+++ Dataset entries
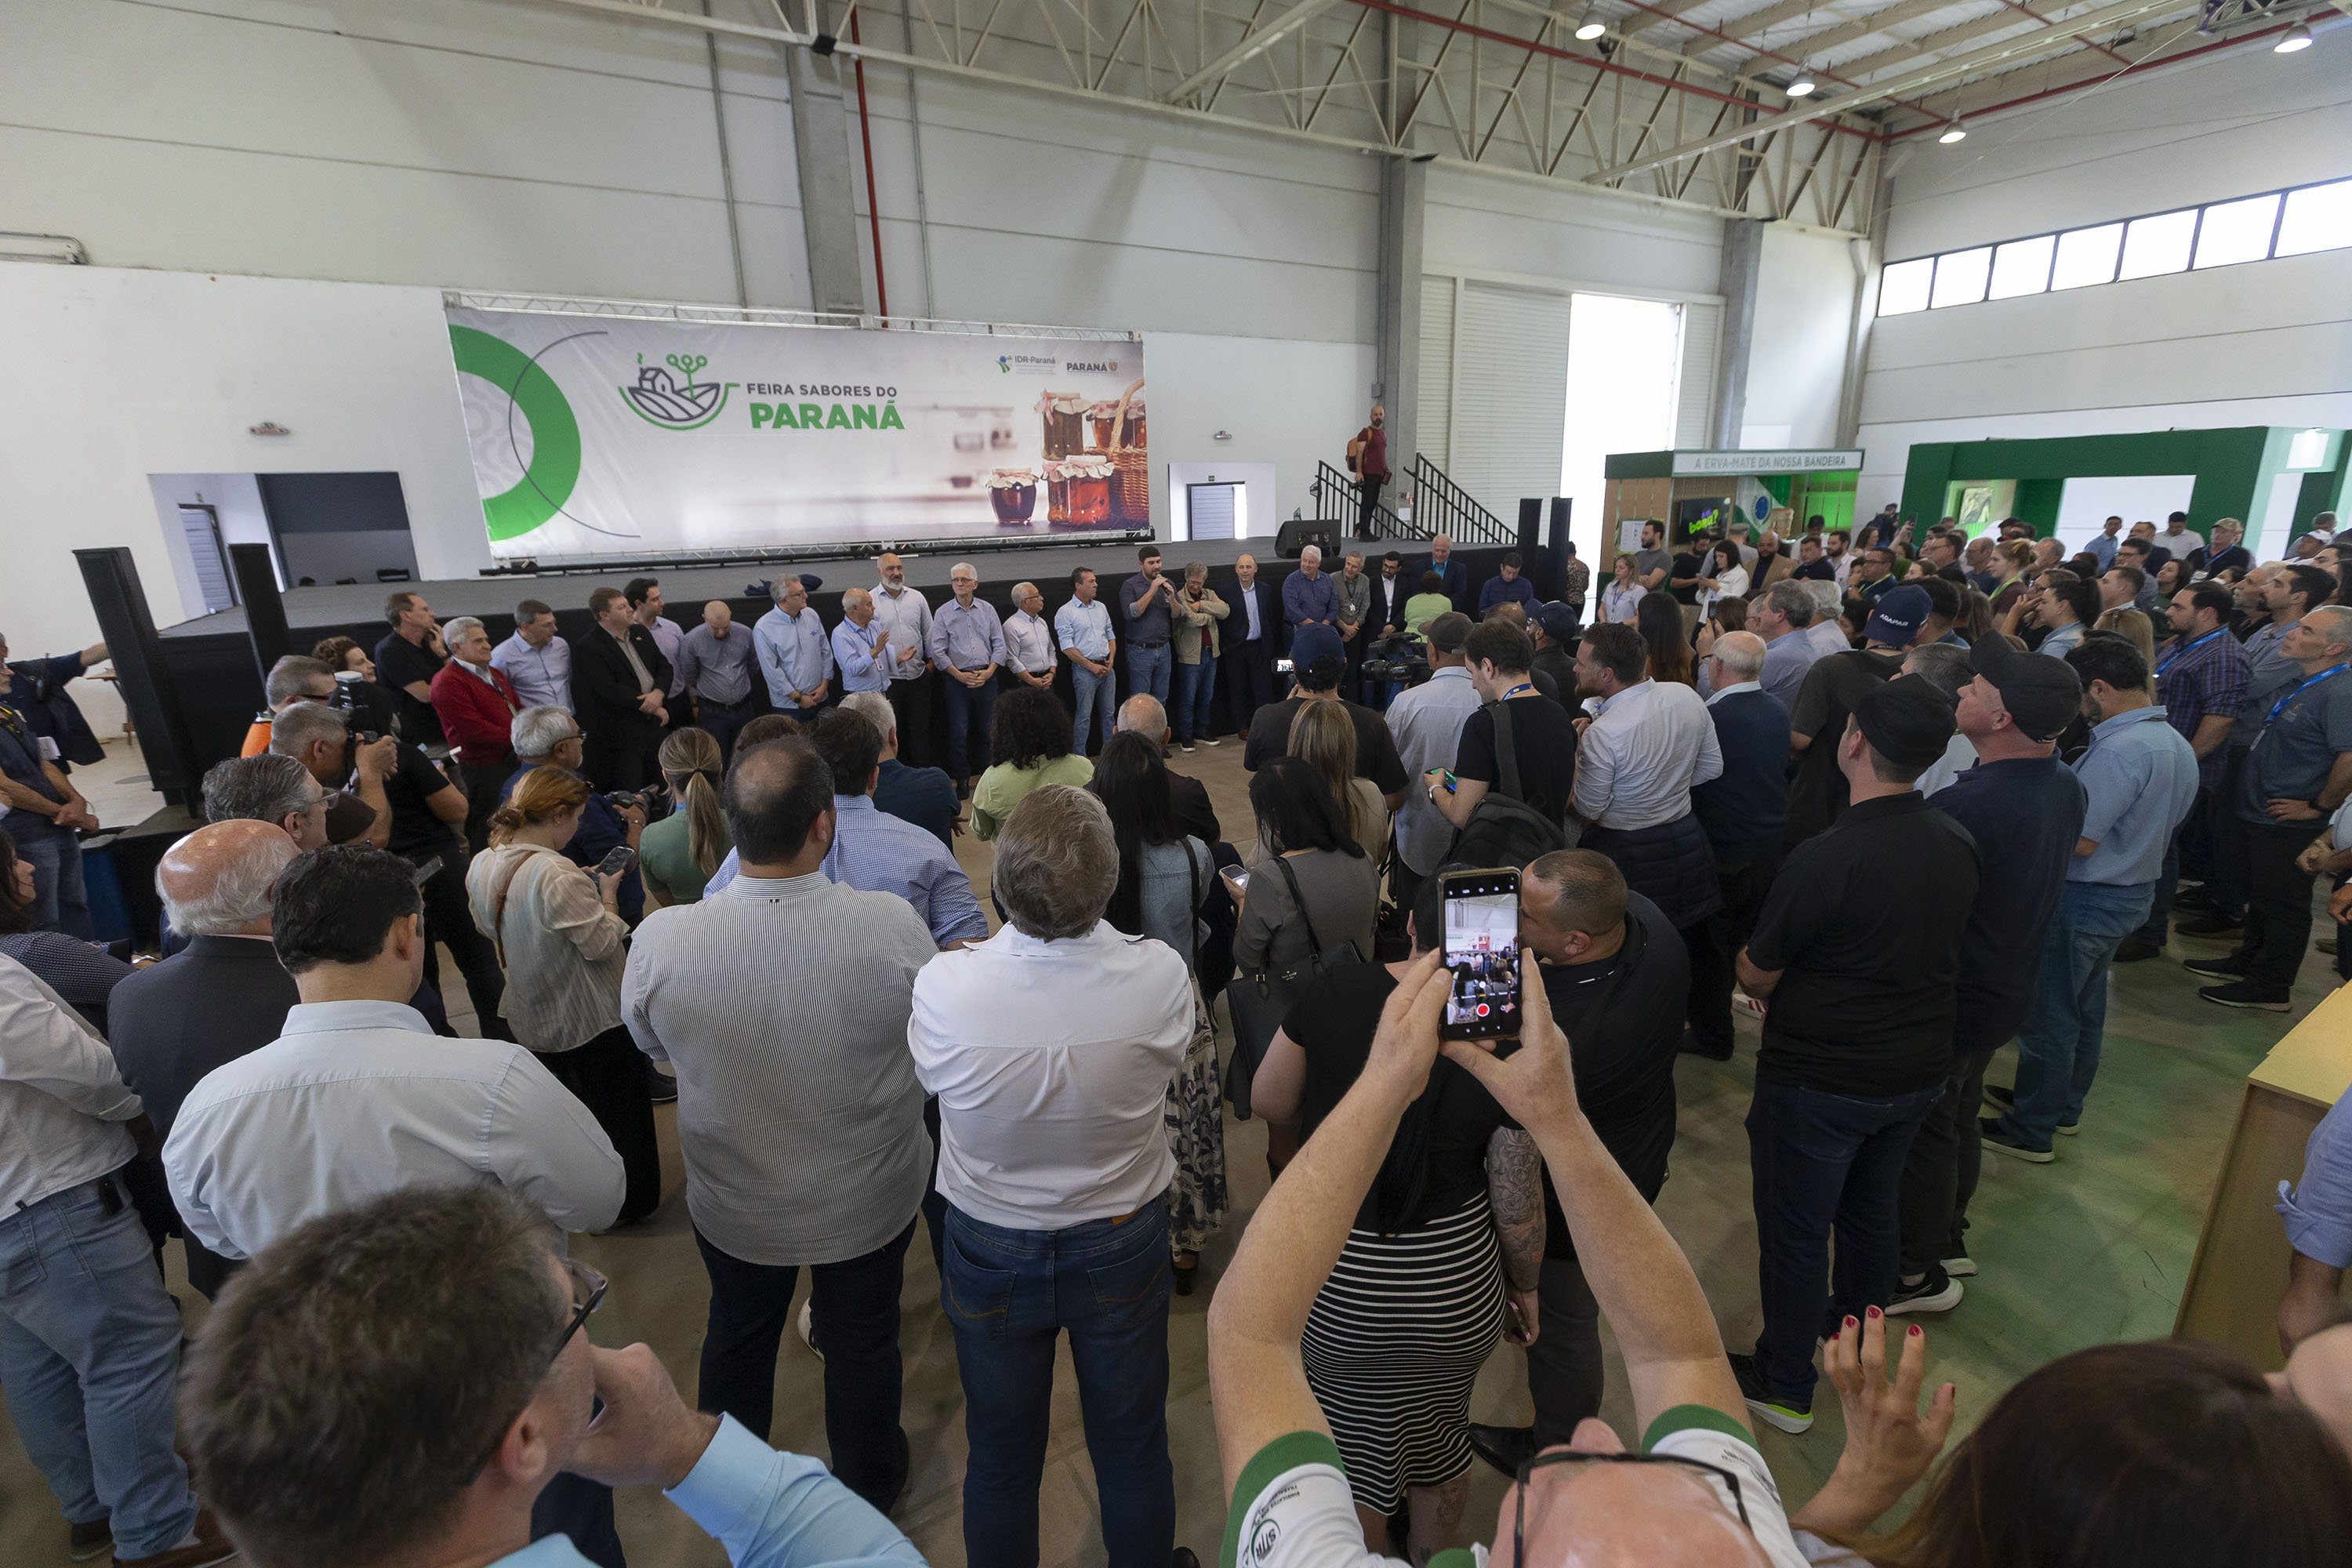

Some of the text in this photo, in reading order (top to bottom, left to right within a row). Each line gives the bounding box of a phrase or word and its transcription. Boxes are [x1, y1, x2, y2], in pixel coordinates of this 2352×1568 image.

[1014, 355, 1055, 365] IDR-Paraná
[1066, 361, 1108, 372] PARANÁ
[746, 383, 898, 397] FEIRA SABORES DO
[750, 399, 906, 430] PARANÁ
[1694, 455, 1846, 469] A ERVA-MATE DA NOSSA BANDEIRA
[1879, 613, 1909, 626] ADAPAR
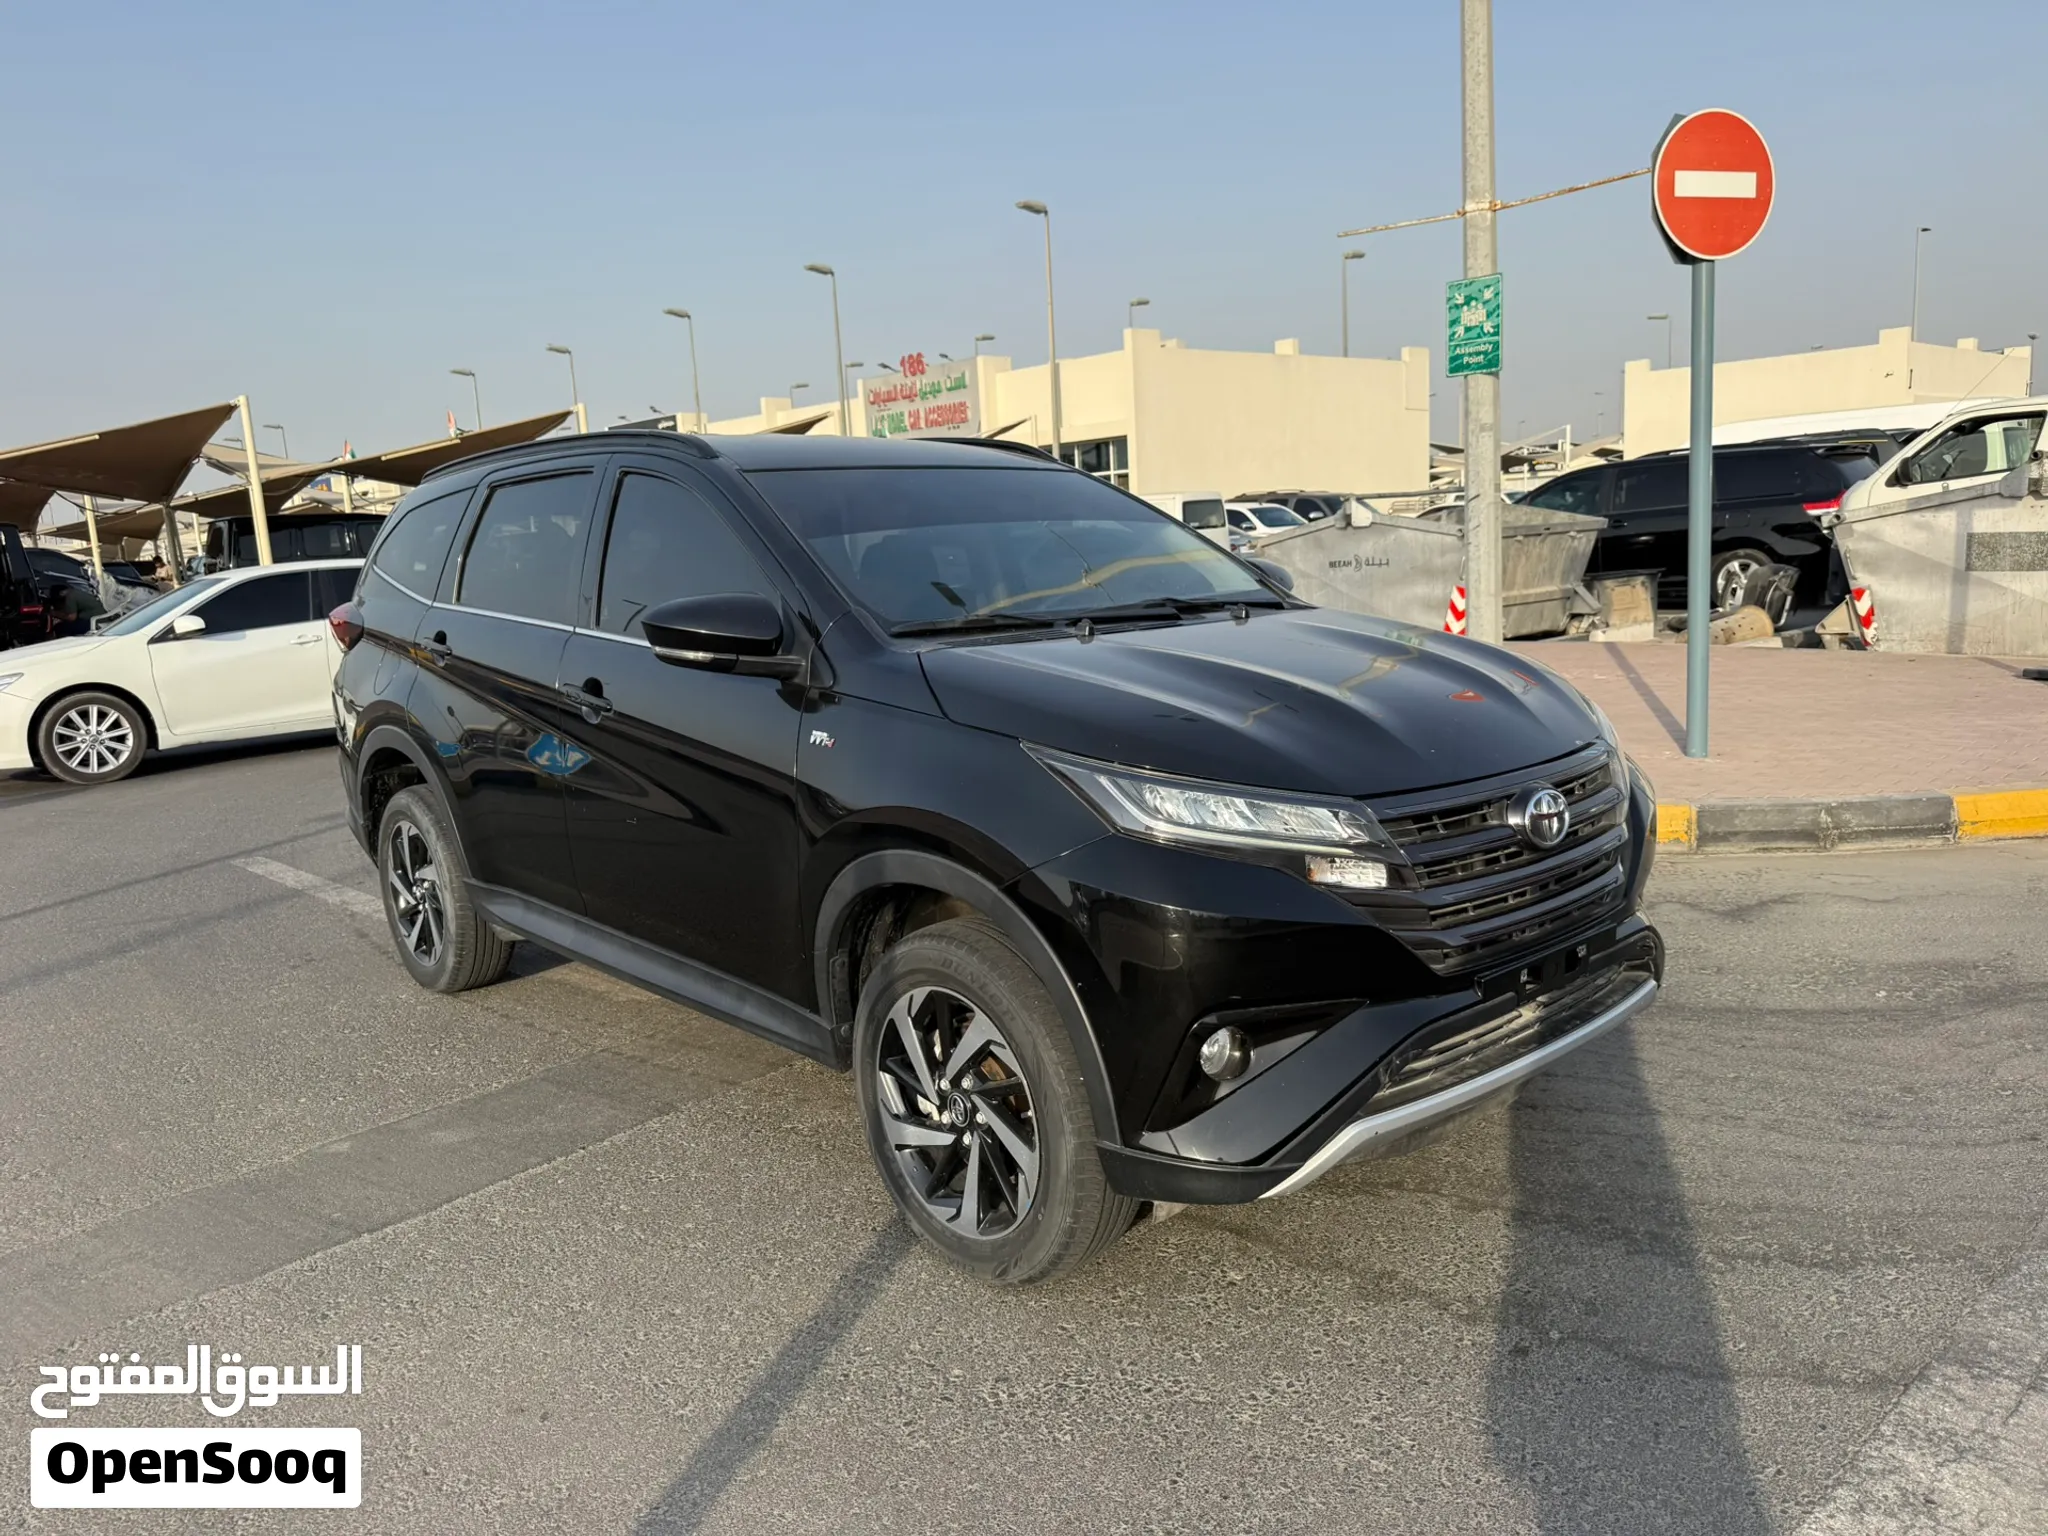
++++++
Would you reproduce the lines above exactly, without carrying over the pictures?

Some of the text in this photo, in reading order (top to bottom, left to right within a row). Each line gives the bounding box of a phrase or word and its transcription. Boxes are [x1, y1, x2, y2], in pixel coordinates of this 2352×1568 image.

[1014, 355, 1055, 365] IDR-Paraná
[1066, 361, 1108, 372] PARANÁ
[746, 383, 898, 397] FEIRA SABORES DO
[750, 399, 906, 430] PARANÁ
[1694, 455, 1846, 469] A ERVA-MATE DA NOSSA BANDEIRA
[1879, 613, 1909, 626] ADAPAR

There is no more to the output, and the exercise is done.